Non, dit Voltaire dans ſon édition de Corneille, ce mélange de gravité & de bouffonnerie eſt inſupportable… Voltaire eſt un homme d’eſprit[1], mais il s’en faut beaucoup qu’il en ait autant que Shakeſpeare. Sans vouloir diſputer là-deſſus, j’en appelle à lui-même. Je ne me prévaudrai point des éloges qu’il a autrefois donnés à notre Poëte, quoiqu’il ait traduit deux fois le même morceau d’Hamlet, la première pour le louer, & la ſeconde pour le tourner en ridicule. Je ſuis fâché que ſon jugement s’affoibliſſe, lorſqu’il devroit ſe fortifier. Voici les paroles dont il s’eſt ſervi dans ſon Diſcours ſur le Théâtre, dans un temps où il ne ſongeoit ni à louer ni à blâmer la conduite de Shakeſpeare, & où par conſéquent il étoit impartial. Voici ce qu’il dit de la Comédie dans ſa Préface de l’Enfant Prodigue. On peut également l’appliquer à la Tragédie, s’il eſt vrai, comme on n’en peut pas douter, qu’elle doive être un tableau de la vie humaine ; car je ne vois pas pourquoi on doit plutôt exclure la plaiſanterie des Pièces tragiques, que le ſérieux des comiques. On y voit un mélange de ſérieux & de plaiſanterie, de comique & de touchant ; ſouvent même une ſeule aventure produit tous ces contraſtes. Rien n’eſt ſi commun qu’une maiſon dans laquelle un père gronde, une fille occupée de ſa paſſion pleure ; le fils ſe moque des deux, & quelques parens prennent part différemment à la ſcène, &c. Nous n’inſérons de-là que toute Comédie doive avoir des ſcènes de bouffonnerie & des ſcènes attendriſſantes : il y a beaucoup de très-bonnes Pièces où il ne règne que de la gravité ; d’autres toutes ſérieuſes ; d’autres mélangées ; d’autres où l’attendriſſement va juſqu’aux larmes : il ne faut donner l’excluſion à aucun genre : & ſi l’on me demandoit quel genre eſt le meilleur, je répondrois, celui qui eſt le mieux traité. » S’il eſt vrai qu’une Comédie puiſſe être toute ſérieuſe, il s’enſuit qu’on peut mettre de temps en temps du badinage dans une Tragédie. Qui eſt-ce qui preſcrira cette règle ? Le critique, qui pour ſe juſtifier, prétend qu’on ne doit exclure aucun genre, donnera-t-il des loix à Shakeſpeare ?

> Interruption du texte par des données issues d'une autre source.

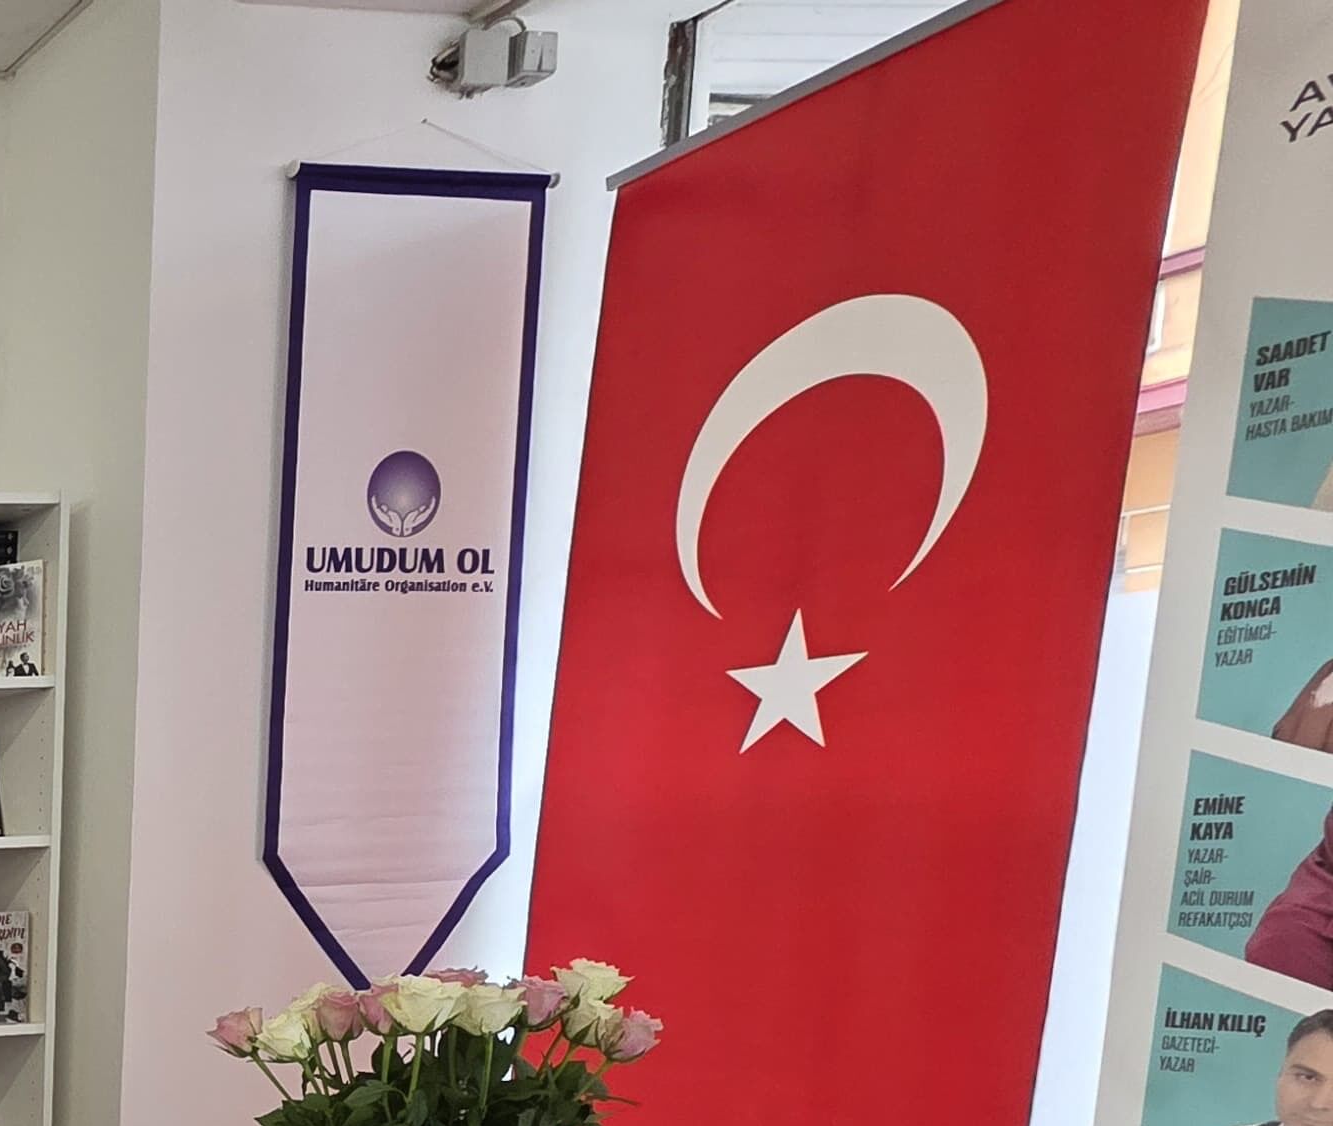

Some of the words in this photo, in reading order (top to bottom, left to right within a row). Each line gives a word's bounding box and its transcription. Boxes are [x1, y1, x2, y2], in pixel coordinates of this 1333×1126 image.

[1255, 330, 1332, 366] SAADET
[1254, 367, 1291, 393] VAR
[1245, 418, 1287, 441] HASTA
[305, 547, 445, 574] UMUDUM
[457, 548, 494, 574] OL
[304, 578, 380, 593] Humanitäre
[385, 578, 467, 595] Organisation
[471, 580, 494, 593] e.V.
[1223, 563, 1317, 596] GÜLSEMİN
[1220, 596, 1281, 622] KONCA
[1215, 648, 1253, 667] YAZAR
[1193, 793, 1245, 816] EMİNE
[1190, 822, 1233, 841] KAYA
[1180, 888, 1205, 906] ACİL
[1209, 890, 1254, 906] DURUM
[1165, 1007, 1214, 1030] İLHAN
[1217, 1013, 1266, 1038] KILIÇ
[1159, 1055, 1195, 1072] YAZAR

Je ſai que la Préface d’où j’ai tiré ces paſſages, n’eſt pas ſous le nom de M. de Voltaire, mais ſous celui de ſon Éditeur : mais qui ne voit que l’Auteur & l’Éditeur ne ſont que la même perſonne ? Et quel eſt l’Éditeur qui eût pu poſſéder auſſi parfaitement ſon ſujet ? Ces paſſages ſont donc ſûrement de lui. Dans ſon Épitre à Maffei, qui eſt à la tête de ſa Mérope il dit à peu près la même choſe, mais d’un ton ironique. Je vais rapporter ſes propres mots, & l’on verra enſuite les raiſons qui m’obligent à le faire. Après avoir traduit un paſſage de la Mérope de Maffei, M. de Voltaire ajoute, « tous ces traits ſont naïfs : tout y eſt convenable à ceux que vous introduiſez ſur la ſcène, & aux mœurs que vous leur donnez. Ces familiarités naturelles euſſent été, à ce que je crois, bien reçues dans Athènes ; mais Paris & notre Parterre veulent une autre eſpèce de ſimplicité. » Je doute, dis-je, qu’il n’y ait un peu d’ironie dans ce paſſage & dans quelques autres de cette Épitre ; mais la vérité eſt à l’abri du ridicule. Maffei repréſentoit un ſujet tiré de l’Hiſtoire Grecque : or il eſt certain que les Athéniens étoient auſſi en état de juger des mœurs de leur Pays, que le Parterre de Paris. Au contraire, dit Voltaire, & ſon raiſonnement m’étonne, il n’y a avoit que dix mille habitans à Athènes, & il y en a près de huit cent mille à Paris, dont trente mille ſont en état de juger des Pièces dramatiques. Mais quand même ce tribunal ſeroit auſſi nombreux qu’il le dit, je ne crois pas que trente mille perſonnes, qui n’ont vécu que deux mille ans après l’époque en queſtion, ſoient plus en état que les Grecs de décider quelles doivent être les mœurs d’une Tragédie, dont le ſujet eſt tiré de leur Hiſtoire.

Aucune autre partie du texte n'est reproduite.